By Infertile Myrtle on Jun 27, 2014

I started my Trying To Conceive (TTC) journey right after my wedding in December 2013. My  husband, let’s call him T, and I decided that we wanted to try right away as we had been together for 7 years and we weren’t spring chickens at 33 and 39.  So we went on our amazing Disney honeymoon thinking how awesome it would be to conceive then. A honeymoon baby! How amazing that would have been!  But, sadly, tests kept coming back negative so after 4 months, I went to see my Obstetrician.  I came armed with Basal Body Temperature (BBT) charts that proved I was indeed ovulating. I also noted my irregular cycles and the days I ovulated.  She remarked that she wished all her patients came so prepared.   I was afraid she would tell me that we just haven’t been trying long enough so we should just keep trying, but to my relief she decided to be aggressive and ordered Cycle Day 3 blood work and a Hysterosalpingogram (HSG) for me and a semen analysis for T. She said my test is to see if my fallopian tubes are clear.  If they are, she would put me on Clomid to get me to produce better quality eggs.  If they are blocked then medication would have been just a waste.

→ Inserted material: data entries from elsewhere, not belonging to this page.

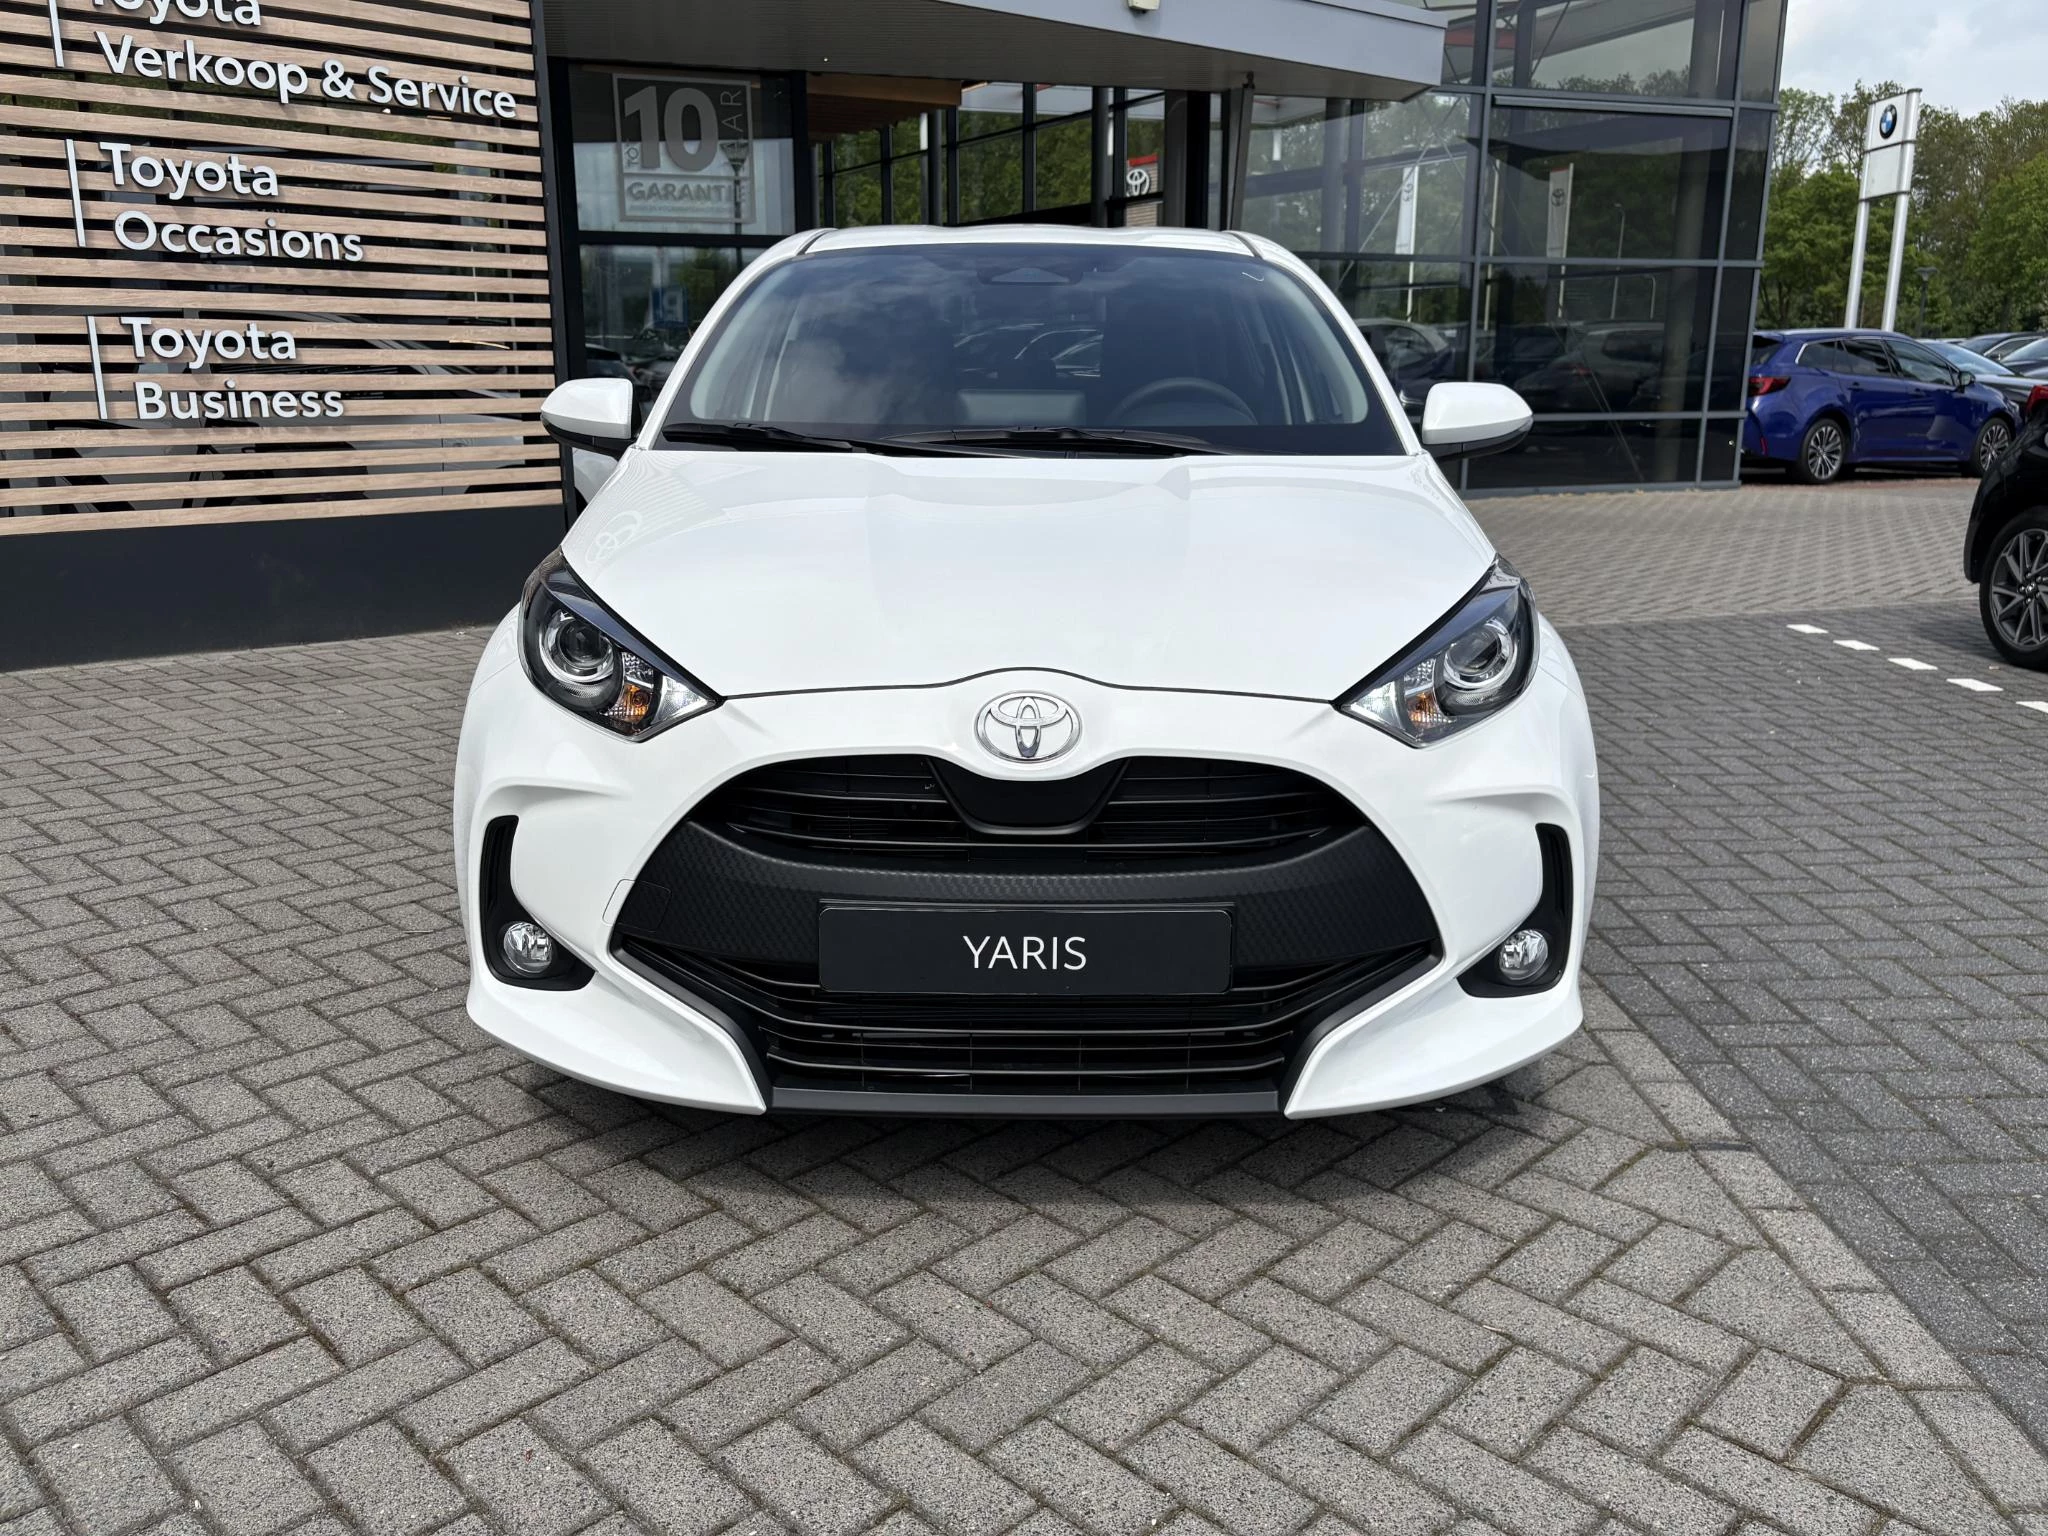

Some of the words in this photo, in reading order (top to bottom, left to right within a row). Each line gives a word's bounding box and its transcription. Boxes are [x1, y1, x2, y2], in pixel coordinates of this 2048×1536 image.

[94, 0, 261, 25] yota
[96, 31, 309, 103] Verkoop
[322, 59, 355, 99] &
[368, 66, 517, 118] Service
[624, 85, 719, 172] 10
[100, 142, 279, 200] Toyota
[115, 210, 363, 262] Occasions
[121, 317, 297, 368] Toyota
[135, 379, 344, 420] Business
[963, 935, 1087, 970] YARIS
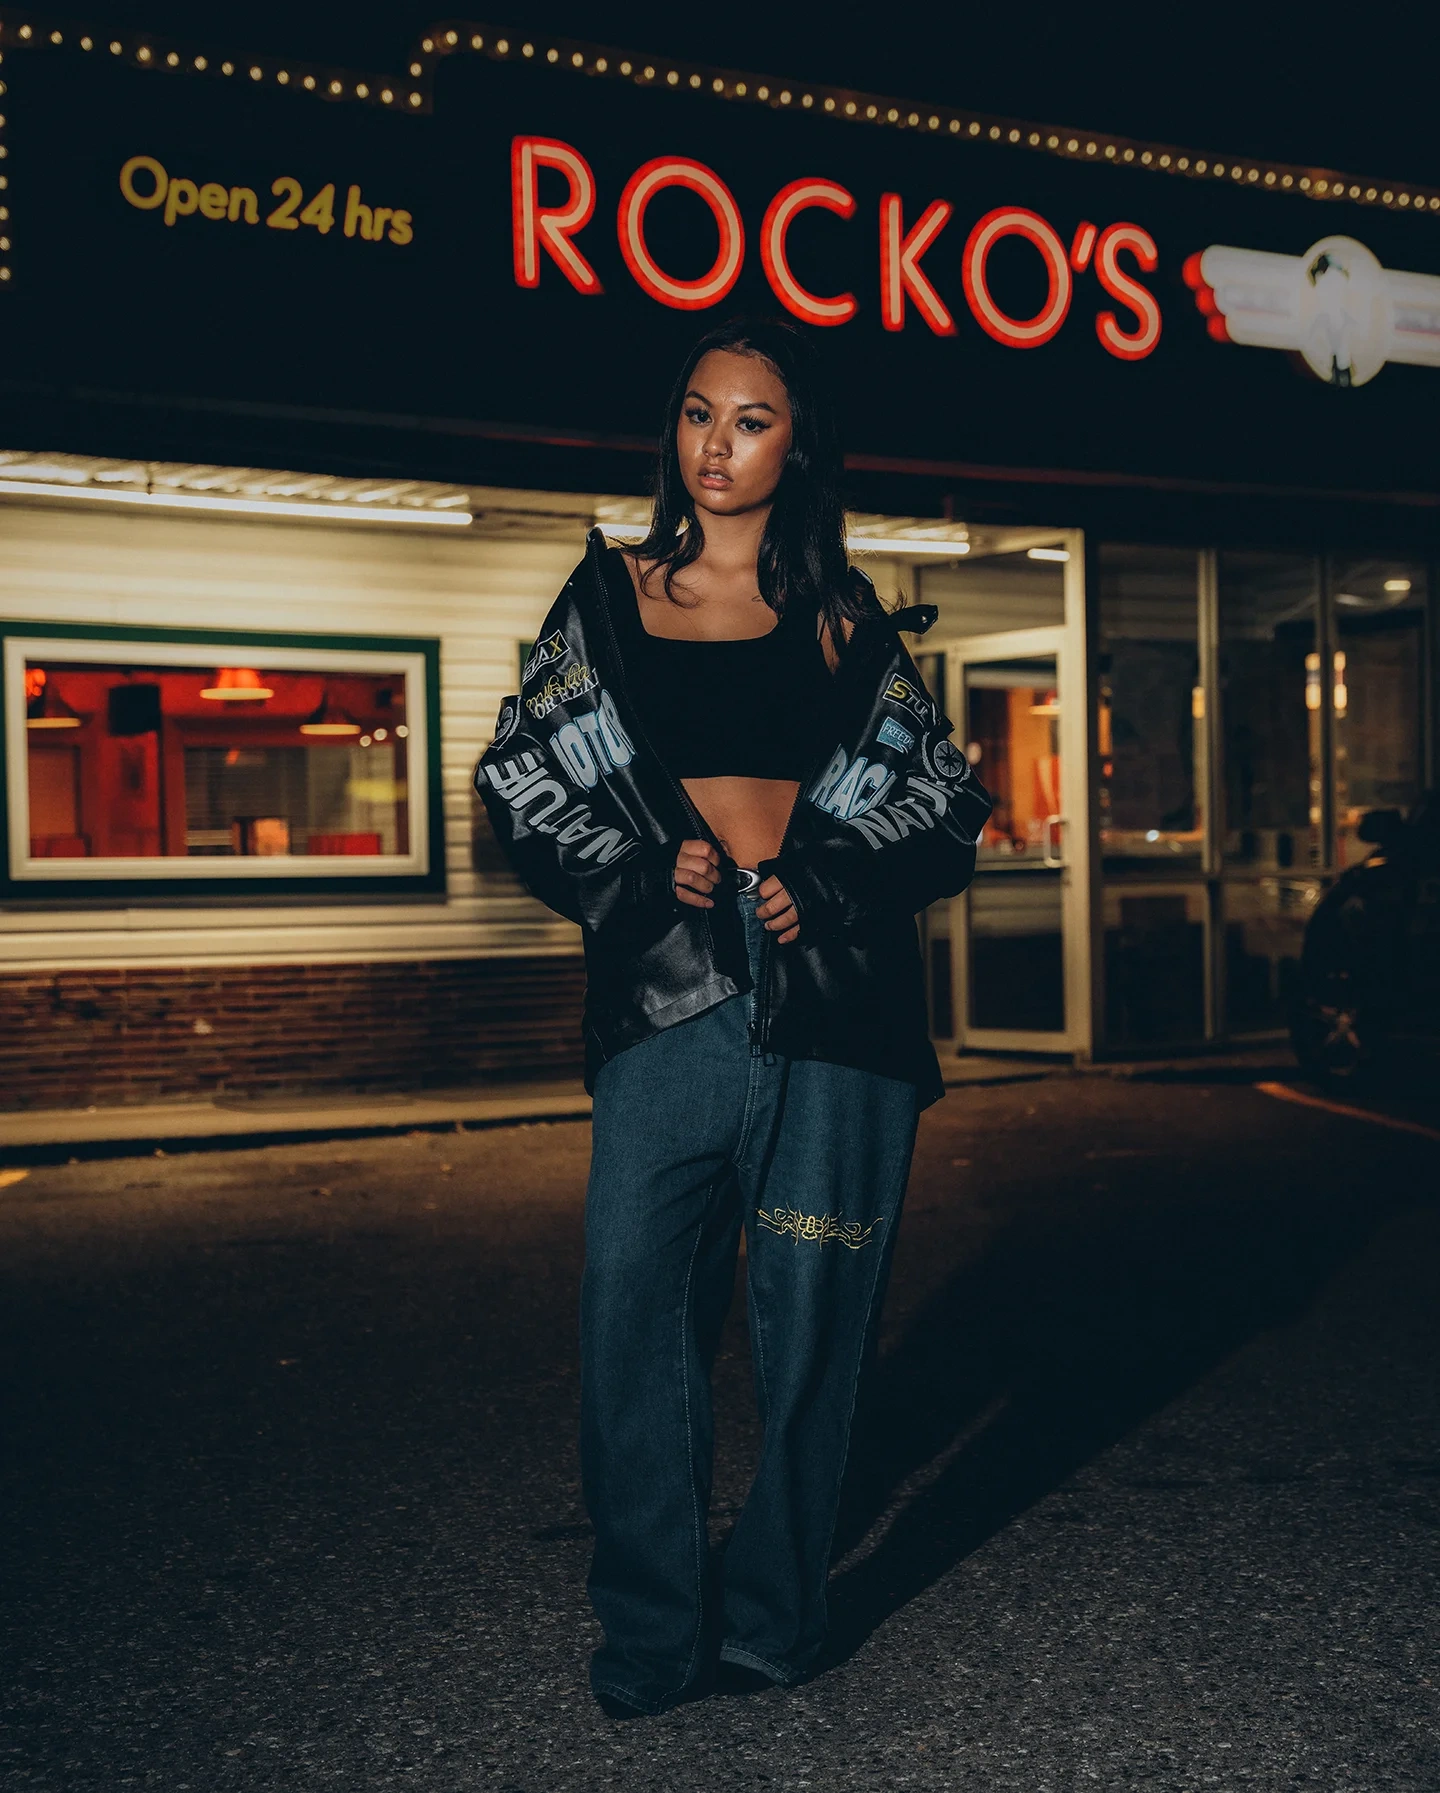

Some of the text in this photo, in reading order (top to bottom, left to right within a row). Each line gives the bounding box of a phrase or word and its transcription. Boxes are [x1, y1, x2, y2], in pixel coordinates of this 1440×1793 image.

[119, 155, 414, 245] Open 24 hrs
[511, 135, 1162, 361] ROCKO'S

The day of my HSG test, I took the day off work and so did T so he could drive me to the radiology lab.  I was so glad he came with me as I was pretty nervous because I’ve read that the procedure can be pretty painful for women with blocked tubes.  I hoped that I would be one of those women who only feel mildly uncomfortable. I wasn’t so lucky. That pain was the worst I’ve ever felt in my life! The doctor shot up the contrast liquid through my cervix and it was supposed to harmlessly spill out near my ovaries to indicate that the tubes were free and clear. The X-rays showed that mine were completely blocked so the liquid only made them dilate like long thin balloons with sausage-like ends.  To me, it felt like they were going to burst! I was near tears and the lab assistant tried her best to comfort me. The diagnosis was bilateral tubal occlusion with bilateral hydrosalpinx.  Both tubes are blocked with liquid that could be fatal to embryos.  Not everyone has to take meds after an HSG but my Ob prescribed a cocktail of strong antibiotics to be taken for two weeks because the procedure had a high likelihood of giving me an infection.  She then referred me to an infertility doctor as there was nothing else she can do for me at that point. 

If we hoped to conceive, we would need IVF but the tubes need to be removed or cut first. What??? How does that happen? Most couples try for months, even years and if it doesn’t work, they might go on to trying Intra-uterine Insemination (IUI) before going to IVF. We get to bypass all the steps? What crappy lottery did we just win?